Data for processing Block Start
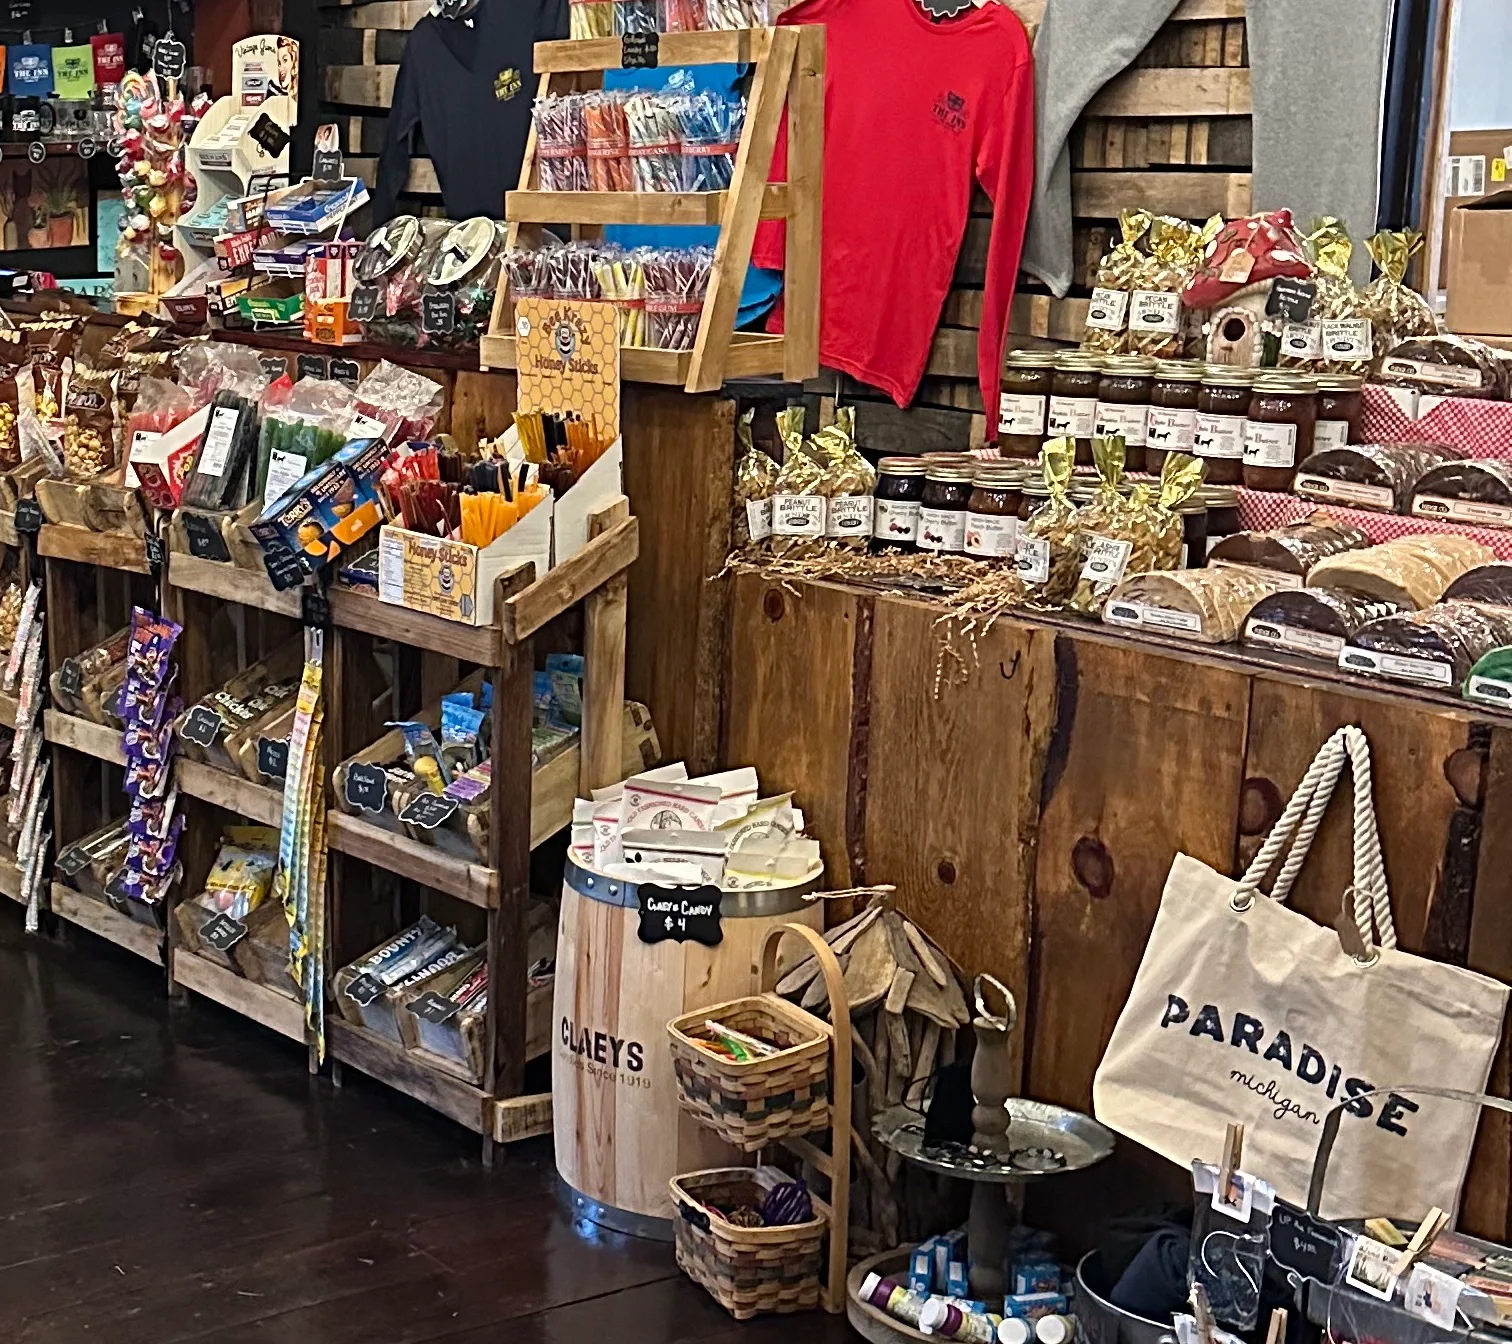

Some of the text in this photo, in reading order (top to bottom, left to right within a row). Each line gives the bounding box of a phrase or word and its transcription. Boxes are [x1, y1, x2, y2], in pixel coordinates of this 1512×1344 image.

[97, 56, 110, 65] THE
[14, 66, 30, 77] THE
[57, 67, 72, 77] THE
[1138, 301, 1173, 310] BRITTLE
[1325, 330, 1358, 338] BRITTLE
[535, 354, 598, 374] Honey Sticks
[784, 498, 811, 506] PEANUT
[780, 505, 817, 513] BRITTLE
[832, 505, 868, 514] BRITTLE
[409, 542, 468, 567] Honey Sticks
[369, 926, 424, 965] BOUNTY
[561, 1016, 643, 1072] CLAEYS
[1160, 994, 1419, 1136] PARADISE
[587, 1062, 651, 1089] Since 1919
[1230, 1068, 1320, 1125] michigan
Data for processing Block End
* [Work item]:
Strip the images and return the remaining data exactly.

* [Answer box]:
Some of the text in this photo, in reading order (top to bottom, left to right within a row). Each line gives the bounding box of a phrase or word and its transcription. Boxes are [x1, y1, x2, y2], in pixel coordinates of this 1512×1344 image.

[97, 56, 110, 65] THE
[14, 66, 30, 77] THE
[57, 67, 72, 77] THE
[1138, 301, 1173, 310] BRITTLE
[1325, 330, 1358, 338] BRITTLE
[535, 354, 598, 374] Honey Sticks
[784, 498, 811, 506] PEANUT
[780, 505, 817, 513] BRITTLE
[832, 505, 868, 514] BRITTLE
[409, 542, 468, 567] Honey Sticks
[369, 926, 424, 965] BOUNTY
[561, 1016, 643, 1072] CLAEYS
[1160, 994, 1419, 1136] PARADISE
[587, 1062, 651, 1089] Since 1919
[1230, 1068, 1320, 1125] michigan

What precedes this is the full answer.